• What is expected
Please return the records below exactly as they stand.

** Source material follows **

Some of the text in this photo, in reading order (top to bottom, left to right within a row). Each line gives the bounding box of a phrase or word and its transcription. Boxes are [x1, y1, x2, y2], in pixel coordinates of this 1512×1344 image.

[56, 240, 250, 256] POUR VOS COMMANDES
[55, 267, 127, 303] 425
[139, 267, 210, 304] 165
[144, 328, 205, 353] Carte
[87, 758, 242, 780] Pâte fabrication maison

** End of Source material **

• Reply
Some of the text in this photo, in reading order (top to bottom, left to right within a row). Each line gives the bounding box of a phrase or word and its transcription. Boxes are [x1, y1, x2, y2], in pixel coordinates of this 1512×1344 image.

[56, 240, 250, 256] POUR VOS COMMANDES
[55, 267, 127, 303] 425
[139, 267, 210, 304] 165
[144, 328, 205, 353] Carte
[87, 758, 242, 780] Pâte fabrication maison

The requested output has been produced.